DATA FOR REVIEW:
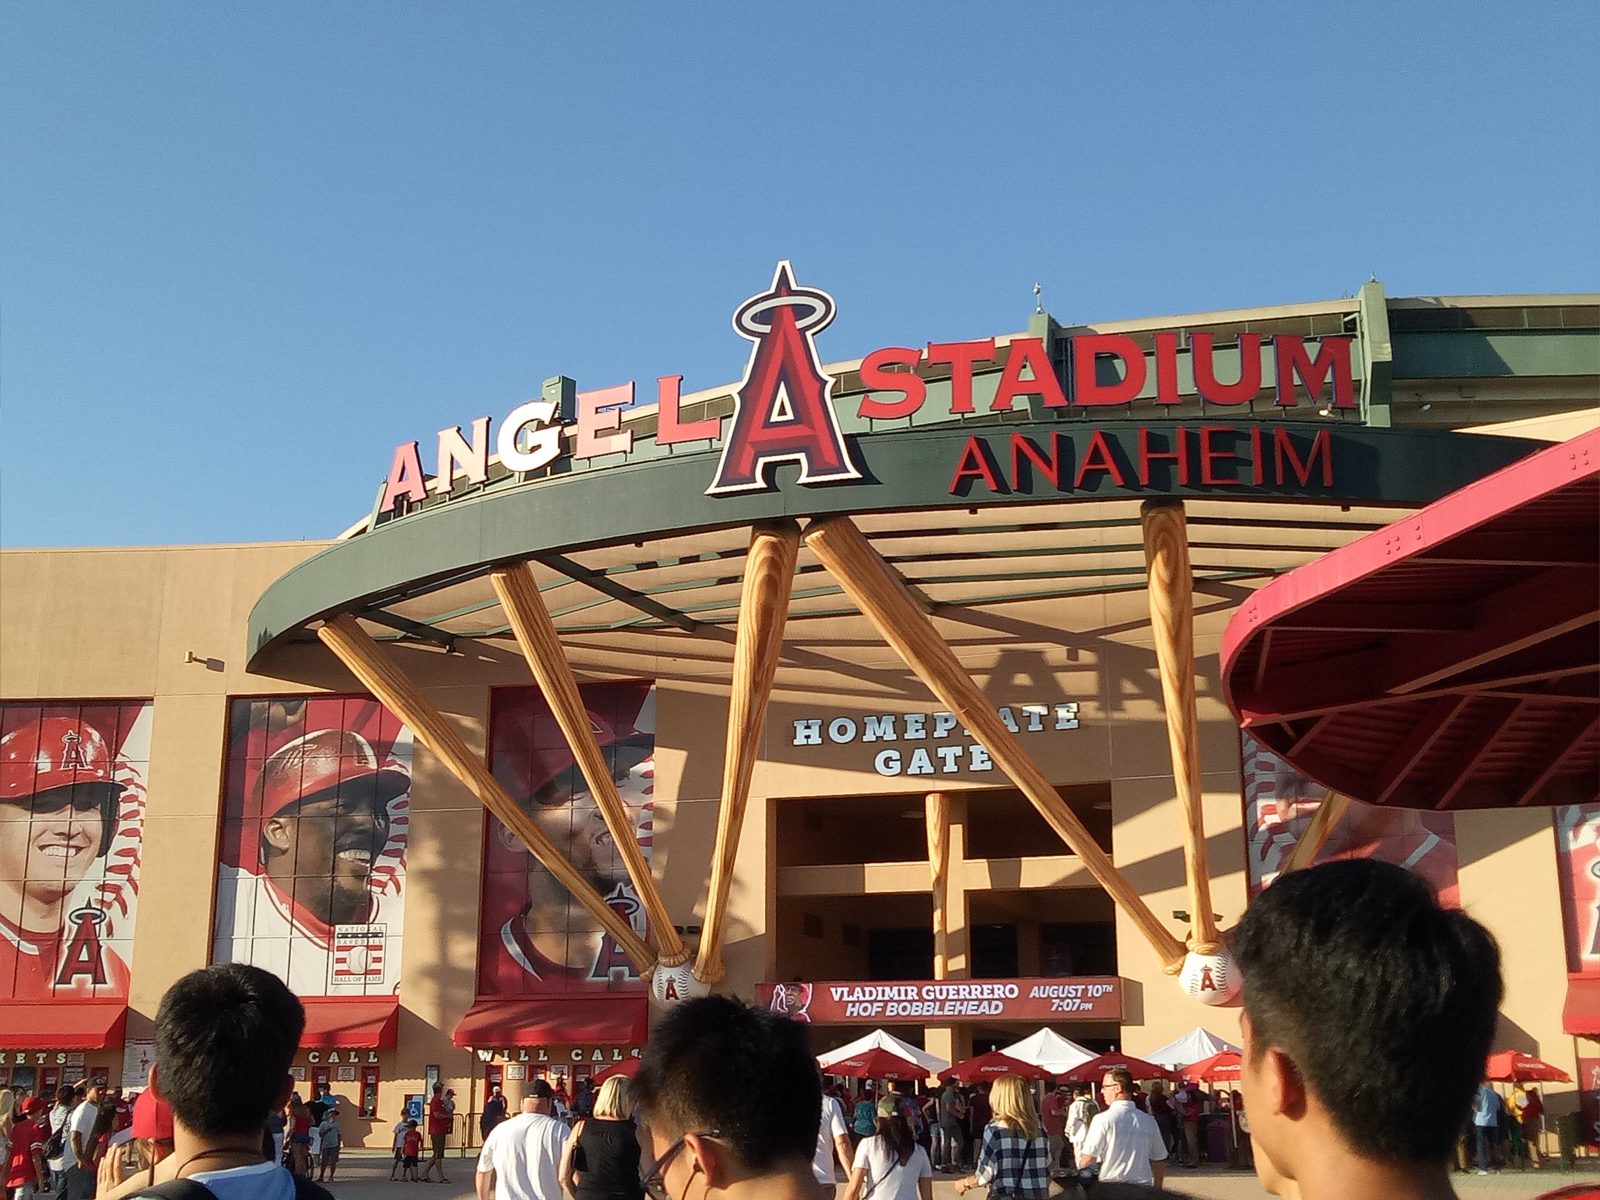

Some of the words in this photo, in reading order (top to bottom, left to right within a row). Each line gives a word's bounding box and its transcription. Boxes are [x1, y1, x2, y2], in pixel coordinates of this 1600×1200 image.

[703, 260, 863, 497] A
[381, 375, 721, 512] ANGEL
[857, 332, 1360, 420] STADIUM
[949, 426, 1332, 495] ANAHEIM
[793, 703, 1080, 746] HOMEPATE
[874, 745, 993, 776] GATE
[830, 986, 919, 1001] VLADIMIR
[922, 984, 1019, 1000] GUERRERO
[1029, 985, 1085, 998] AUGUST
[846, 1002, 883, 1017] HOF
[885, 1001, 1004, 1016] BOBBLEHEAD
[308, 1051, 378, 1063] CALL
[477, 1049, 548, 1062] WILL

REQUIREMENT: Although the records contain pictures, the copy should hold only their text, reproduced exactly.

ANSWER BOX:
Some of the words in this photo, in reading order (top to bottom, left to right within a row). Each line gives a word's bounding box and its transcription. Boxes are [x1, y1, x2, y2], in pixel coordinates of this 1600×1200 image.

[703, 260, 863, 497] A
[381, 375, 721, 512] ANGEL
[857, 332, 1360, 420] STADIUM
[949, 426, 1332, 495] ANAHEIM
[793, 703, 1080, 746] HOMEPATE
[874, 745, 993, 776] GATE
[830, 986, 919, 1001] VLADIMIR
[922, 984, 1019, 1000] GUERRERO
[1029, 985, 1085, 998] AUGUST
[846, 1002, 883, 1017] HOF
[885, 1001, 1004, 1016] BOBBLEHEAD
[308, 1051, 378, 1063] CALL
[477, 1049, 548, 1062] WILL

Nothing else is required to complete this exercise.